Your assignment
Pictures stay out of the copy. Everything else in the records must be repeated exactly.

+++

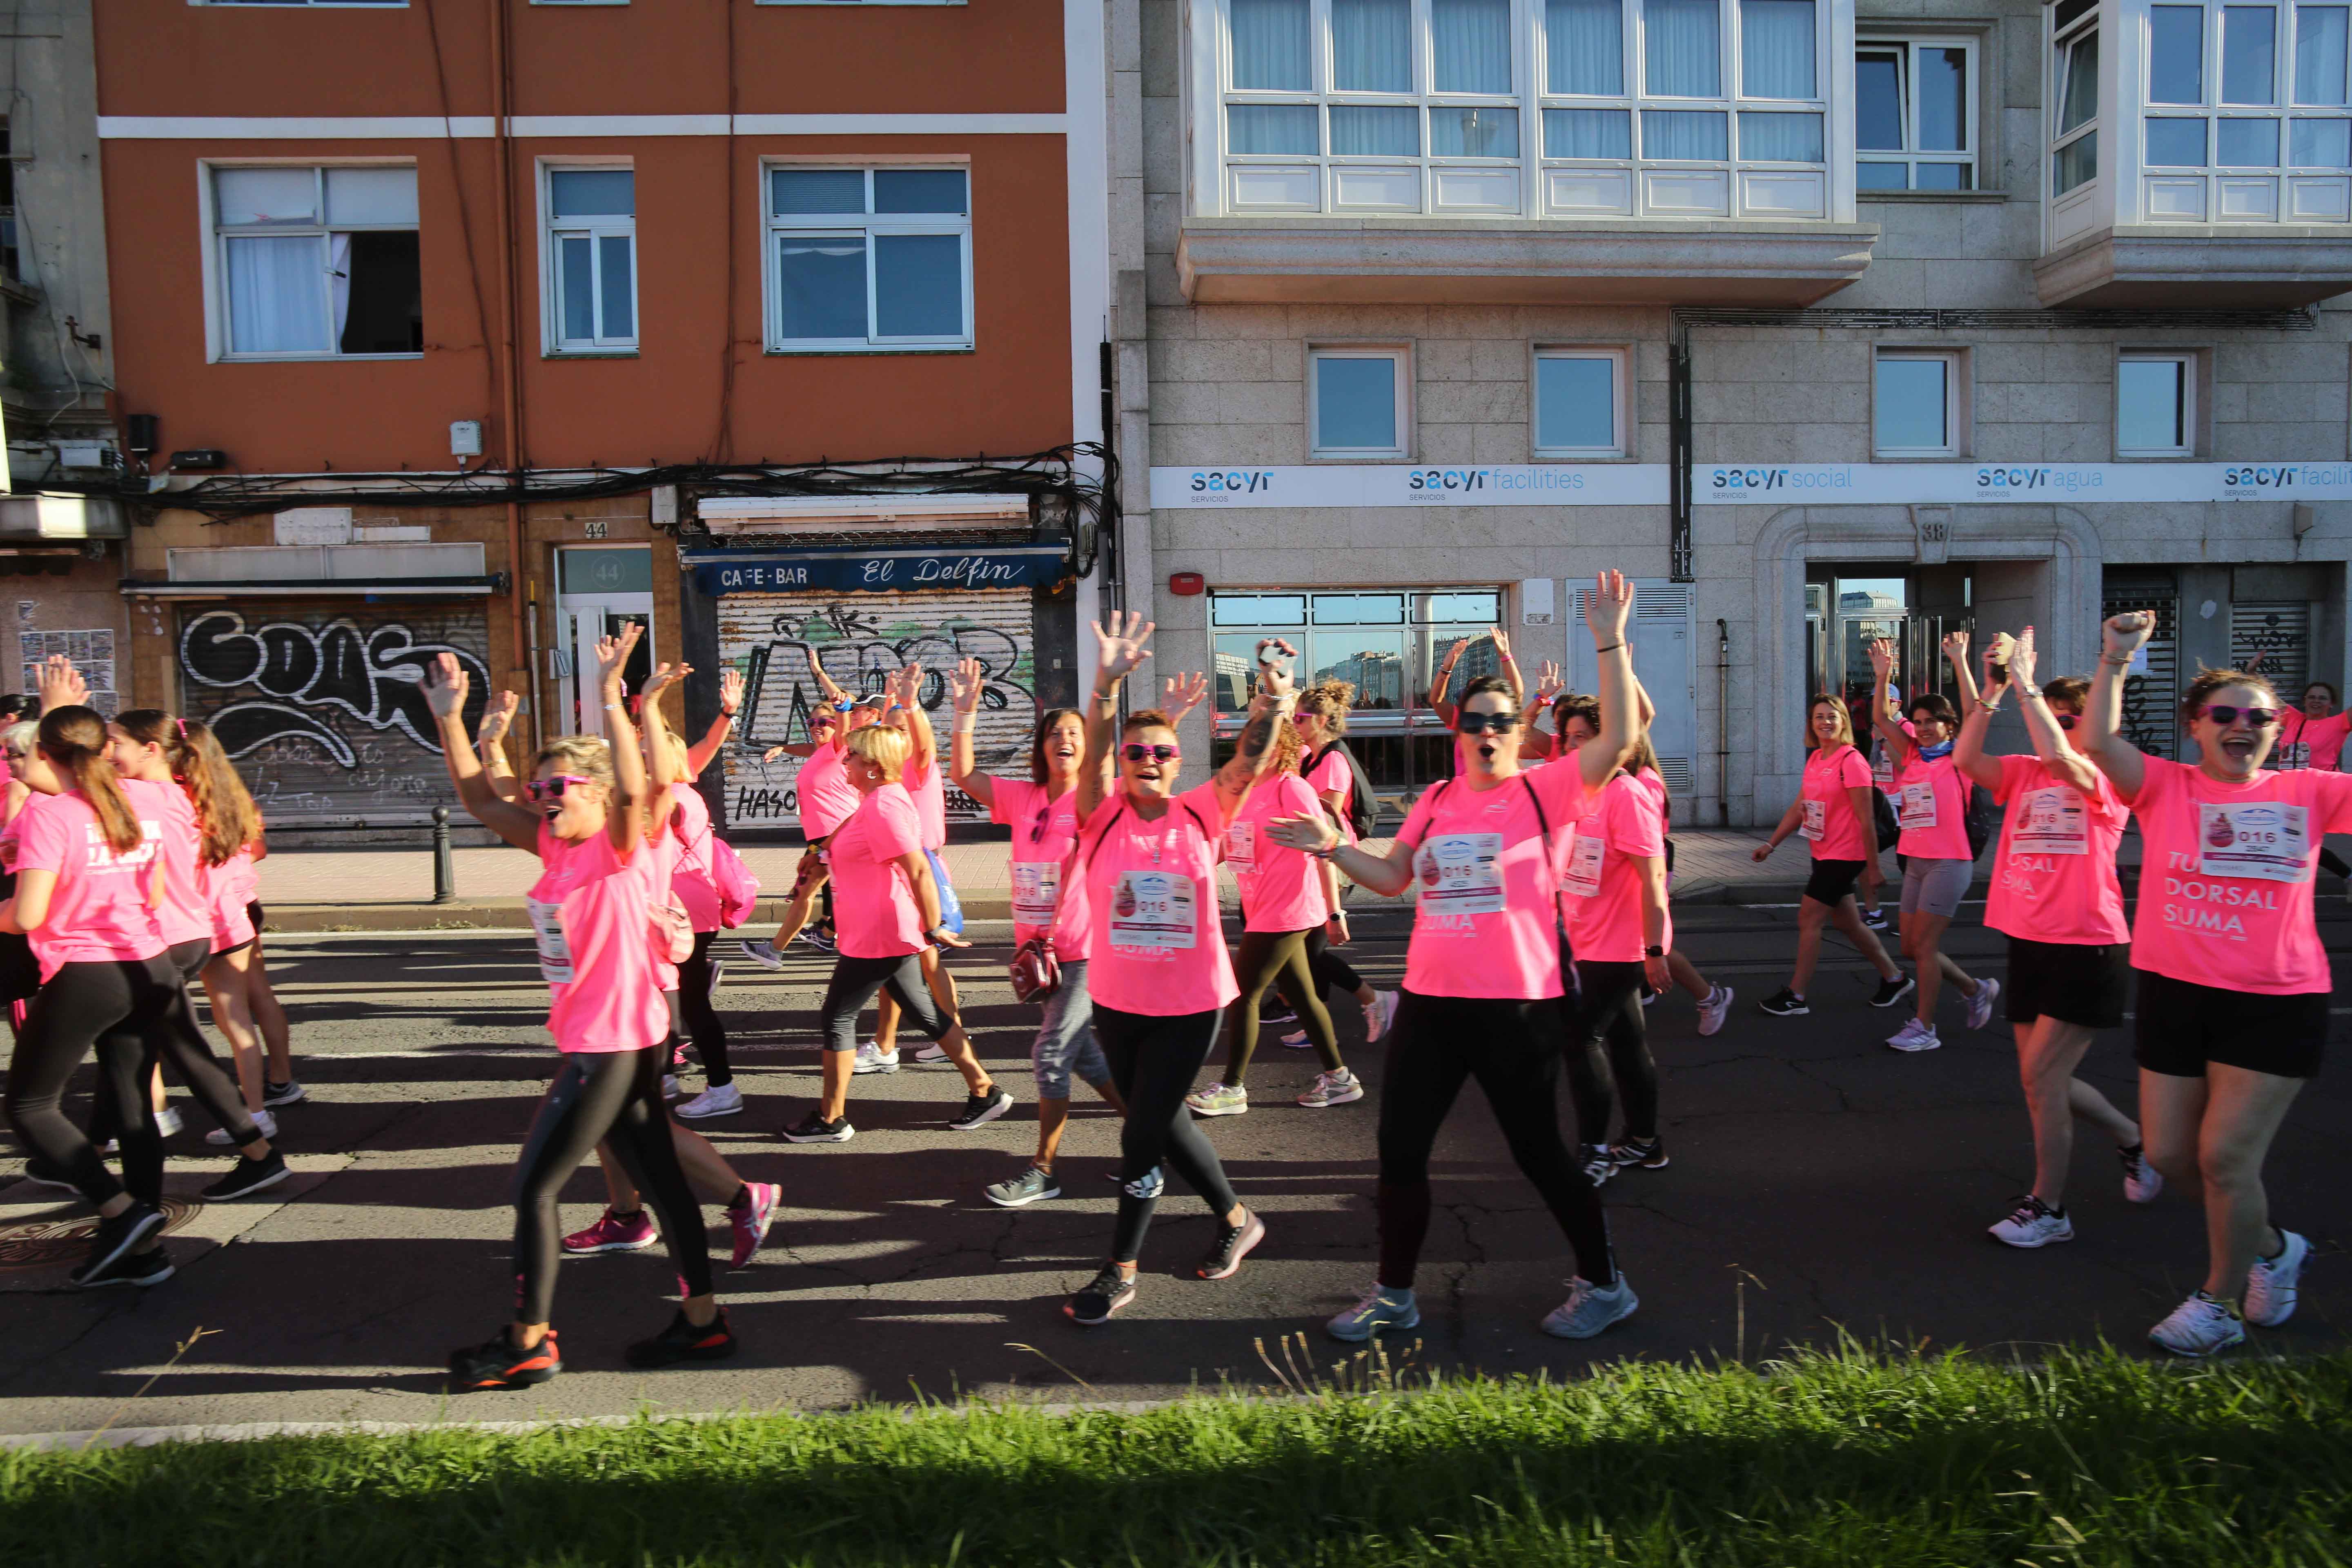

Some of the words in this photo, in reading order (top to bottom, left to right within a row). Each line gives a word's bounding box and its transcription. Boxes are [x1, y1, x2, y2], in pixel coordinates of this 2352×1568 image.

[1191, 472, 1274, 493] sacyr
[1410, 470, 1489, 492] sacyr
[1493, 468, 1584, 489] facilities
[1713, 469, 1789, 490] sacyr
[1792, 468, 1853, 487] social
[1977, 469, 2051, 489] sacyr
[2054, 471, 2103, 492] agua
[2225, 468, 2298, 487] sacyr
[586, 523, 607, 538] 44
[1922, 522, 1945, 542] 38
[596, 564, 619, 581] 44
[860, 560, 893, 582] El
[913, 557, 1025, 586] Delfin
[2238, 831, 2277, 843] 016
[2165, 877, 2278, 910] DORSAL
[2164, 903, 2245, 933] SUMA
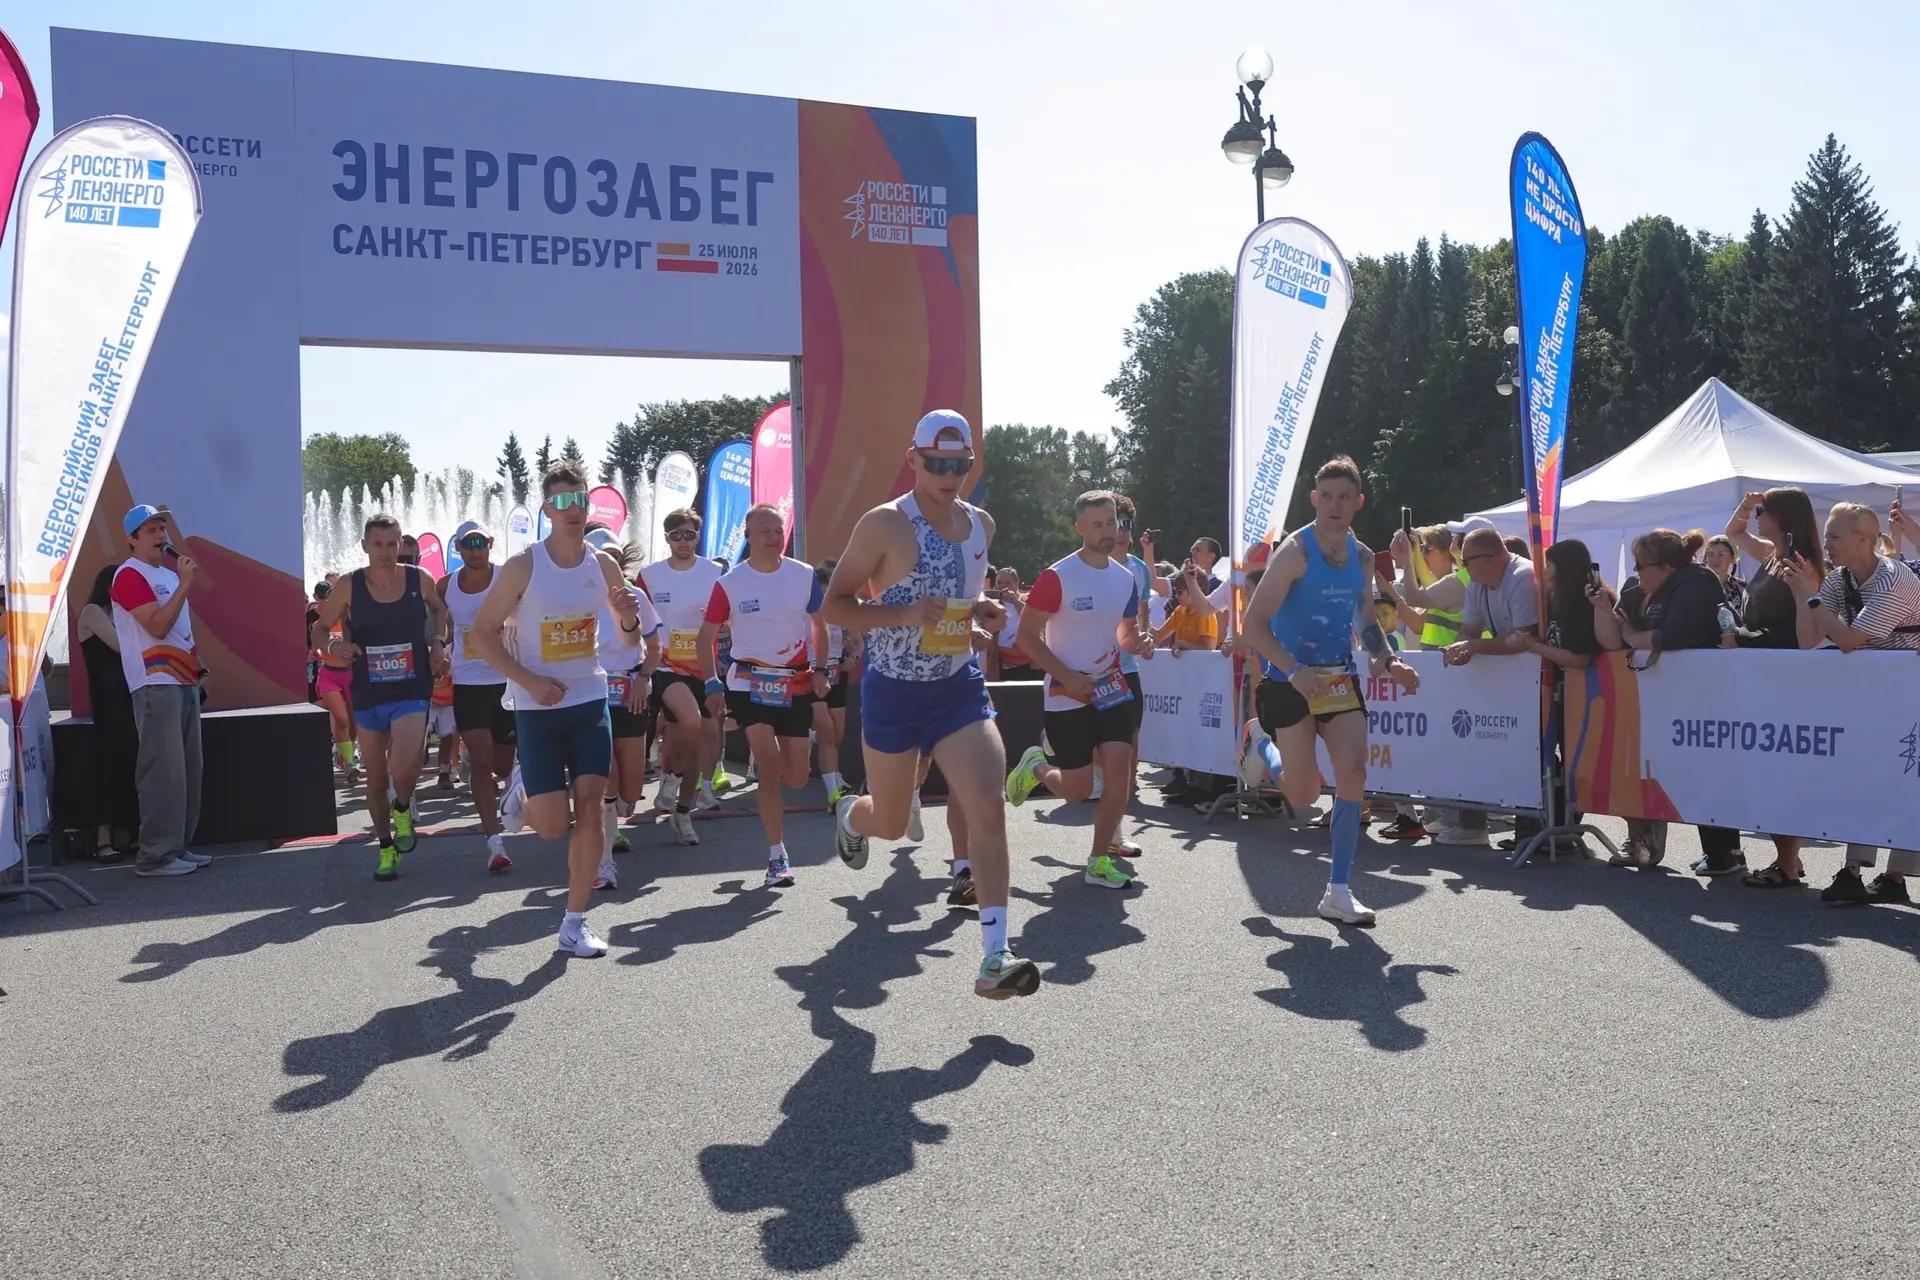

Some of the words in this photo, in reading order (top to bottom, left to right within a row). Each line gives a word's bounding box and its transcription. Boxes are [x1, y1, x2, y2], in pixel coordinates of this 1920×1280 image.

+++

Written reply
Some of the words in this photo, in reading order (top to bottom, left to right within a row). Each line gives a word's bounding box and its transcription. Boxes are [x1, y1, x2, y2], in pixel coordinates of this 2352×1568 image.

[1191, 472, 1274, 493] sacyr
[1410, 470, 1489, 492] sacyr
[1493, 468, 1584, 489] facilities
[1713, 469, 1789, 490] sacyr
[1792, 468, 1853, 487] social
[1977, 469, 2051, 489] sacyr
[2054, 471, 2103, 492] agua
[2225, 468, 2298, 487] sacyr
[586, 523, 607, 538] 44
[1922, 522, 1945, 542] 38
[596, 564, 619, 581] 44
[860, 560, 893, 582] El
[913, 557, 1025, 586] Delfin
[2238, 831, 2277, 843] 016
[2165, 877, 2278, 910] DORSAL
[2164, 903, 2245, 933] SUMA

Some of the words in this photo, in reading order (top to bottom, left to right within a row). Each line gives a word's bounding box and its transcription. Boxes are [x1, y1, x2, y2], in pixel coordinates of this 1920×1280 image.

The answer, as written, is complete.